The akarriden blade burned angrily, twitching. “This is a soul-eater. It powers itself with the essence of those it strikes. Drive it in deep, and it will eventually devour her.”

  Dry-mouthed, Cob looked to Enkhaelen, but he was still unconscious in his wire-strand prison. “I don't understand,” he protested. “What d'you think magic will do to you? I mean—don't you already use it? The cloud-serpents, your lightning...”

  “This?” It gestured at the sparks rippling through its interior. “This is not magic, merely loose energy. Our Spire harvests the wind and the storm passively; we do not force our will upon it. As for the serpents, they are our neighbors. They aid us sometimes with humans who would seek our Primordial's attention.”

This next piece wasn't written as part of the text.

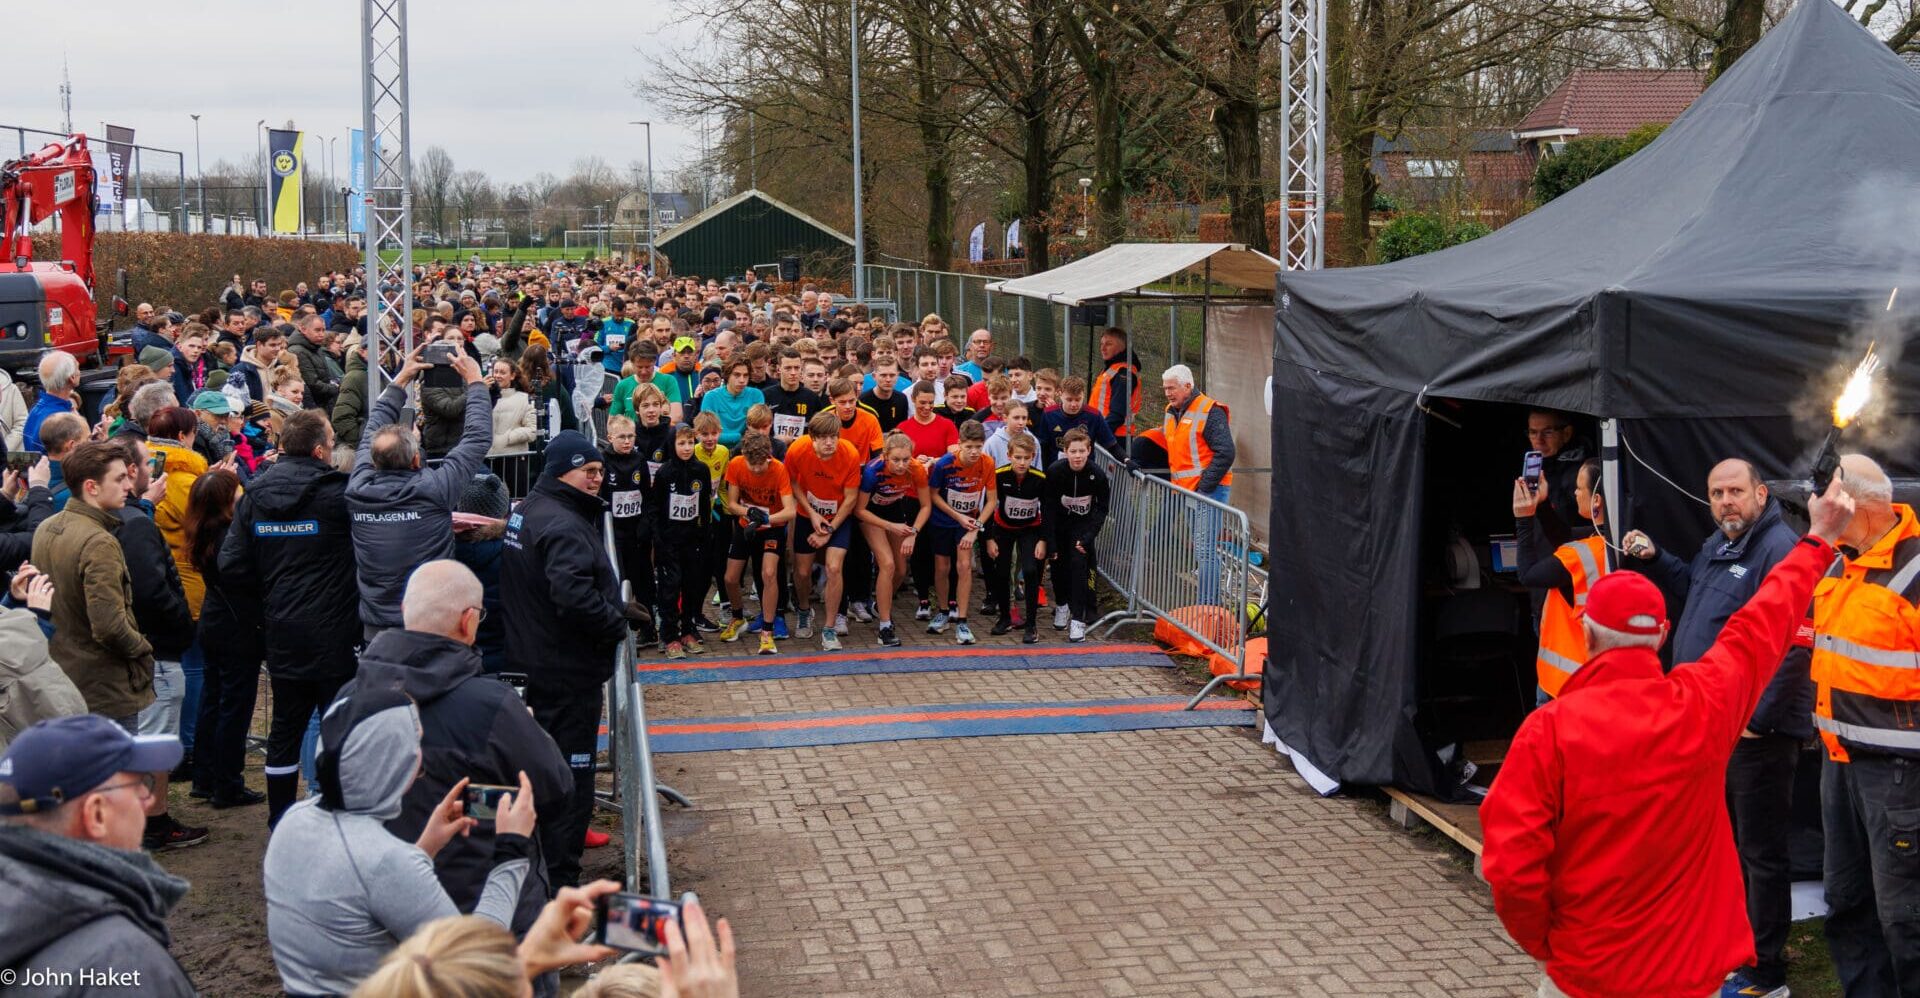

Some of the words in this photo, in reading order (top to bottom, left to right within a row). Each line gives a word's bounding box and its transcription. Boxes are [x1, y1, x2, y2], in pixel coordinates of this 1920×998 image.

  “All right, but...what can she do t' you? She's one soul among...how many?”

  The elemental's face twisted, wires scraping over each other harshly. “Even one is too many. We banished our quicksilver kin from this place when they refused to abandon their foolish pursuits, and so survived when the other magic-afflicted Houses died. That she was raised by our fallen brethren is another strike against her, but even were she not, we would see her eradicated.”

  “Died? But you're metal.”

  “You question this while bearing a shard of Yesai Miun's flesh?”

  Yesai Miun… Jessamyn, he guessed. Imperialized. How many of us are out there, trekking through life under names that don't fit? “Yeah, but that was an attack made especially to kill one of you. And she's not really dead, because your essences go back to your Primordial, like the skinchangers go to their spirits. Right?”

  “It is still a death,” intoned the elemental gravely. “We are subsumed by our Primordial and will not be extruded in the same form again. Our memories are sifted and filed away into the collective, a resource for all without the remnants of their carrier. We mourn the loss of Yesai Miun as an individual, no matter that we are not fully parted.”